Background — Endometriosis is a chronic gynecological disease affecting approximately 10% of reproductive aged females and leads to decreased quality of life and productivity. Despite effective medical options, many women do require surgery for endometriosis. There is limited literature examining long term outcomes of endometriosis surgery.
Objective — This study aimed to characterize the long-term outcomes, including recurrence of symptoms, fertility outcomes, and need for reoperation, of patients who underwent surgical management for endometriosis.

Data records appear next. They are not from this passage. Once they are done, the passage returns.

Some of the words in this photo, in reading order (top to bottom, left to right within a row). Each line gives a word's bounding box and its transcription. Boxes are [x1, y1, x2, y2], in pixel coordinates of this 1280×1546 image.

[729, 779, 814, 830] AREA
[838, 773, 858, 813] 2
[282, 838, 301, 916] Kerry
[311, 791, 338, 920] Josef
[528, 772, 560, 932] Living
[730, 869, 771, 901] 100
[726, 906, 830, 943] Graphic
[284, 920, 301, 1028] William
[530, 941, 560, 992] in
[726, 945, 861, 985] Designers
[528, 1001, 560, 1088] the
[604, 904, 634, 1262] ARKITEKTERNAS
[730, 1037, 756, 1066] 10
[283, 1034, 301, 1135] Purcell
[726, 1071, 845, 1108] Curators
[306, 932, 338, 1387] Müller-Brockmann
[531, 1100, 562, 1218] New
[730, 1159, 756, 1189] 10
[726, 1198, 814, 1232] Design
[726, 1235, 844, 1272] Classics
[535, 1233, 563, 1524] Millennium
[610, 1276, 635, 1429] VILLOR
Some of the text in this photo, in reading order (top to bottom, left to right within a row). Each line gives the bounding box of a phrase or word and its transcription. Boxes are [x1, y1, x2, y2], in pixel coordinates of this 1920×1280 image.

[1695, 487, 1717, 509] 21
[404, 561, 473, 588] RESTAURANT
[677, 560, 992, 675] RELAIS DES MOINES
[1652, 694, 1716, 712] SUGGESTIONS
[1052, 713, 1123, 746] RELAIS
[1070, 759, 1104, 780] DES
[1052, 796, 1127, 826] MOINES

Study design — This was a population-based cohort study in which the universal coverage health database for the province of Ontario, Canada, was used to identify women aged 18 to 50 years who underwent surgery for endometriosis from April 1, 2002, through March 31, 2018. Surgery was classified as diagnostic laparoscopy, conservative or uterine preserving (minor or major, with and without ovarian preservation), or hysterectomy (with and without ovarian preservation). The outcomes were evaluated from 30 days after the index surgery to the end of the study period or at censoring. Cox proportional hazard regression models were used to estimate the hazard ratios between exposures and outcomes following adjustment for confounders.
Results — A total of 84,885 women 2,718 (3.2%) diagnostic laparoscopy, 21,594 (25.4%) minor conservative surgery, 28,484 (33.6%); major conservative with ovarian preservation, 2,102 (2.5%) major conservative without ovarian preservation, 21,609 (25.5%) hysterectomy with ovarian preservation, and 8,378 (9.9%) hysterectomy without ovarian preservation) were included in the cohort and followed for a median of 10 years (interquartile range, 6-13 years). In the first postoperative year, women who underwent diagnostic laparoscopy were significantly more likely to require repeat surgery (adjusted hazard ratio, 1.68; 95% confidence interval, 1.51-1.87), whereas those who underwent major conservative surgery were significantly less likely to require repeat surgery (with ovarian preservation: adjusted hazard ratio, 0.44; 95% confidence interval, 0.41-0.48; without ovarian preservation: adjusted hazard ratio, 0.05; 95% confidence interval, 0.03-0.09). Among women who did not receive repeat surgery in the first year, those who underwent a diagnostic laparoscopy (adjusted hazard ratio, 0.85; 95% confidence interval, 0.76-0.95) and major conservative surgery without ovarian preservation were less likely to undergo repeat surgery (adjusted hazard ratio, 0.12; 95% confidence interval, 0.09-0.18) than those who initially had minor surgery. Compared with those who initially underwent minor surgery, patients who underwent other treatment modalities were less likely to undergo a hysterectomy (diagnostic laparoscopy: adjusted hazard ratio, 0.85; 95% confidence interval, 0.75-0.96; major surgery with ovarian preservation: adjusted hazard ratio, 0.60; 95% confidence interval, 0.57-0.64; major surgery without ovarian preservation: adjusted hazard ratio, 0.05; 95% confidence interval, 0.03-0.08). Following minor and major conservative with ovarian preservation surgery, 8,331 (38.6%) and 9,498 (33.3%) of patients sought an infertility consult within 1 year, respectively. By 5 years after the index surgery, 5,290 (29.4%) of patients who had minor conservative surgery and 4,528 (20.7%) of those who had major conservative with ovarian preservation surgery had given birth at least once.
Conclusion — Our study suggests that only a few endometriosis patients who undergo hysterectomy surgery require repeat surgery; however, up to 1 in 4 who undergo minor surgery and 1 in 5 who undergo major conservative surgery with ovarian preservation require additional endometriosis surgery. Up to 1 in 3 patients who had uterine sparing endometriosis surgery subsequently sought an infertility assessment. These findings may inform preoperative counseling in terms of recurrence of symptoms, fertility outcomes, and need for reoperation of women seeking surgical management for endometriosis. Future studies should consider the outcomes of patient satisfaction and quality of life based on the current practices for management of endometriosis.